Every layer in the context engineering pipeline adds value (cost savings, quality improvement, safety) but also adds latency. An 8-layer pipeline that takes 500ms to process before the first token streams from the LLM is a terrible UX — the user stares at a blank screen for half a second before anything happens, on top of the LLM’s own time-to-first-token (TTFT).

The target: total pipeline overhead < 50ms for the p95 request. This is achievable because most layers are either sub-millisecond (hash lookups, reordering), parallelizable, or conditionally skipped.

For context, production LLM gateway benchmarks show:

Bifrost (Go-based): 11µs overhead at 5,000 RPS — effectively invisible
Cloudflare AI Gateway: 10–50ms proxy latency
TrueFoundry: ~3–4ms latency at 350+ RPS
LiteLLM (Python-based): 15–30ms reported by users, with concurrency bottlenecks

Bardo Inference is a TypeScript/Bun service with heavier per-request processing than a pure proxy, but lighter than a Python-based gateway. The goal is to sit in the 20–50ms range for the full pipeline, which is imperceptible when the LLM itself takes 500ms–30s.

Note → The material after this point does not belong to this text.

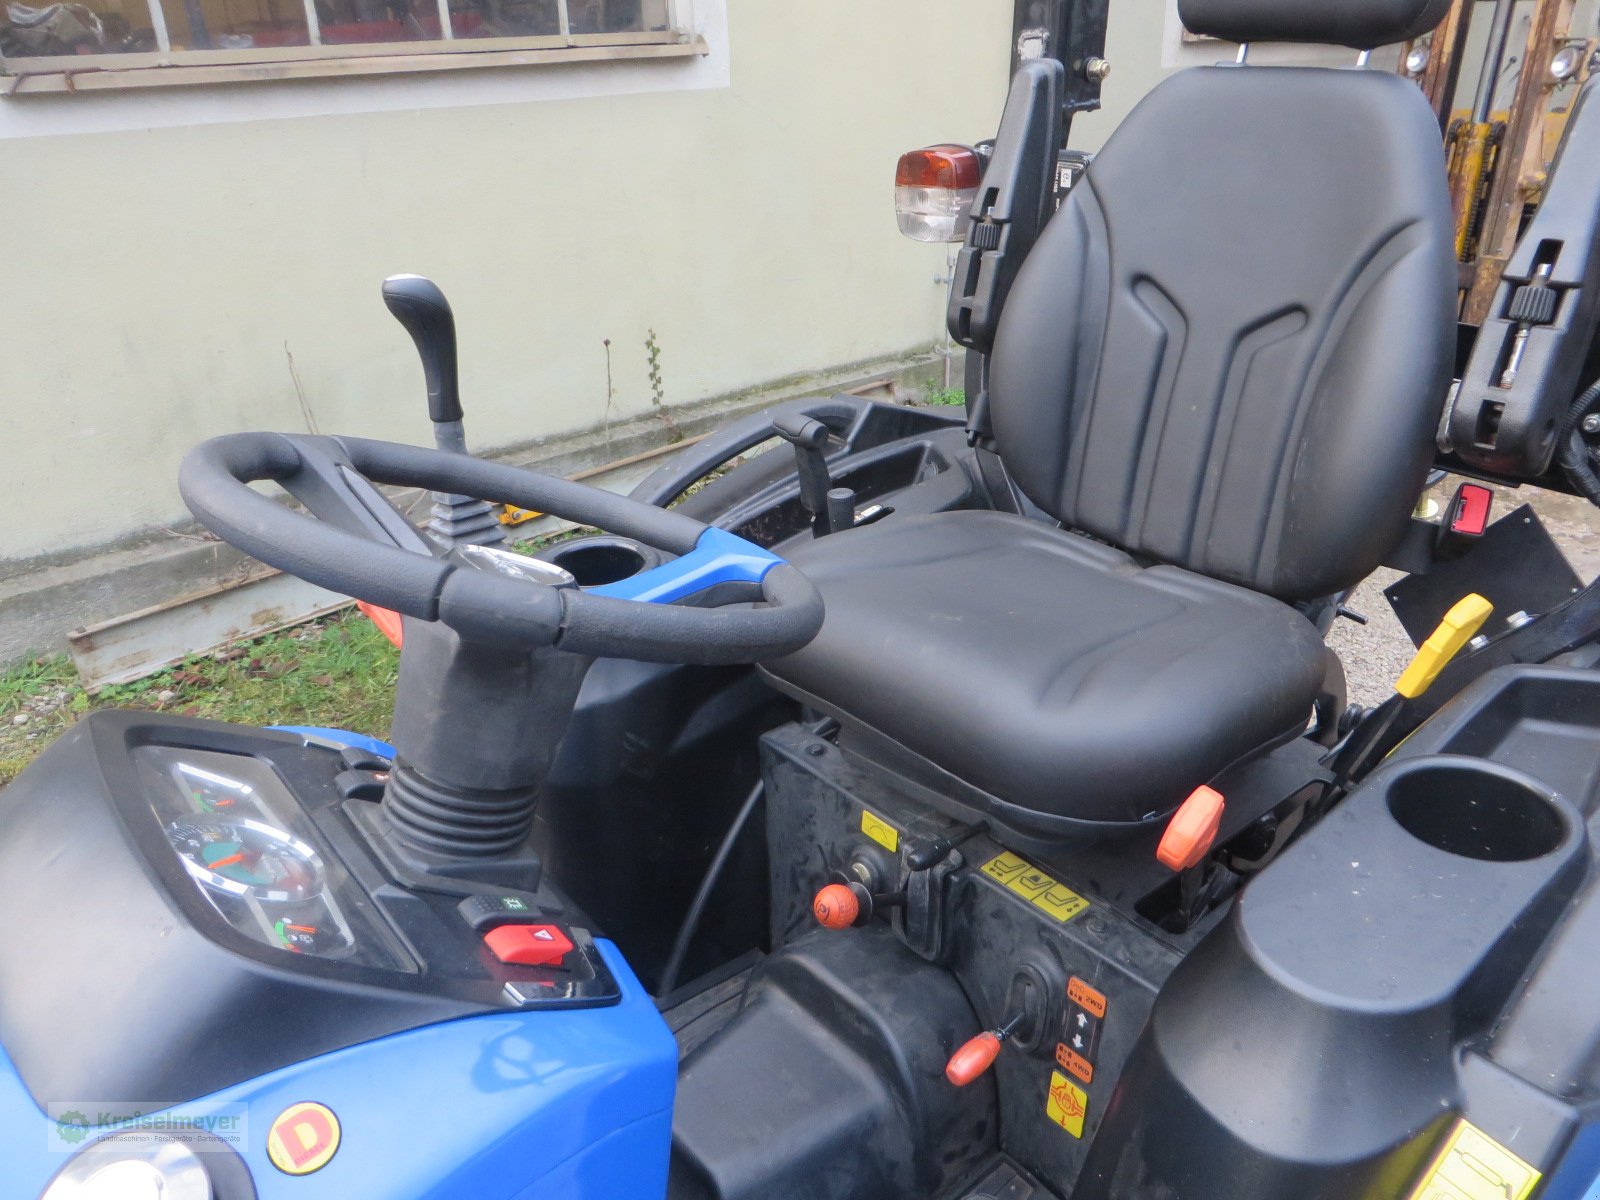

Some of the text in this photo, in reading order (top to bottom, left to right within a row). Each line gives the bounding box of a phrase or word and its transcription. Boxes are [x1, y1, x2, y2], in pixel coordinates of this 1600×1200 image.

[1085, 995, 1103, 1010] 2WD
[1073, 1062, 1090, 1076] 4WD
[275, 1108, 333, 1169] D
[294, 1142, 325, 1165] DIESEL

2. Per-Layer Latency Budget

2.1 Layer Breakdown

Layer	Operation	Expected Latency	Parallelizable?	Can Skip?
L1: Prompt cache alignment	Reorder system prompt segments, place `cache_control` breakpoints	< 1ms	N/A (pure computation)	Skip if no Anthropic-backed request
L2: Semantic cache check	Embed request → cosine similarity search against vector store	5–25ms	✅ Parallel with L3, L7, L8	Skip for streaming conversations, tool-heavy requests
L3: Hash cache check	SHA-256 hash → O(1) lookup	< 0.5ms	✅ Parallel with L2	Never skip — always cheap
L4: Tool pruning	Analyze tool definitions, replace with meta-tools	1–3ms	N/A (must complete before request is sent)	Skip if < 5 tools defined
L5: History compression	Check token count; if over threshold, summarize older turns	0ms (check) / 200–2000ms (compress)	⚠️ Only when triggered	Skip if under 80% context limit
L6: Lost-in-the-middle	Reorder context by priority within message array	< 1ms	N/A (pure computation)	Skip if < 10 context items
L7: PII masking	Presidio NER scan + regex patterns + entity replacement	5–50ms	✅ Parallel with L2	Skip if no PII detected in fast pre-scan
L8: Injection detection	DeBERTa-v3 classifier on user input	10–40ms	✅ Parallel with L2, L7	Skip for Golem-internal requests (trusted source)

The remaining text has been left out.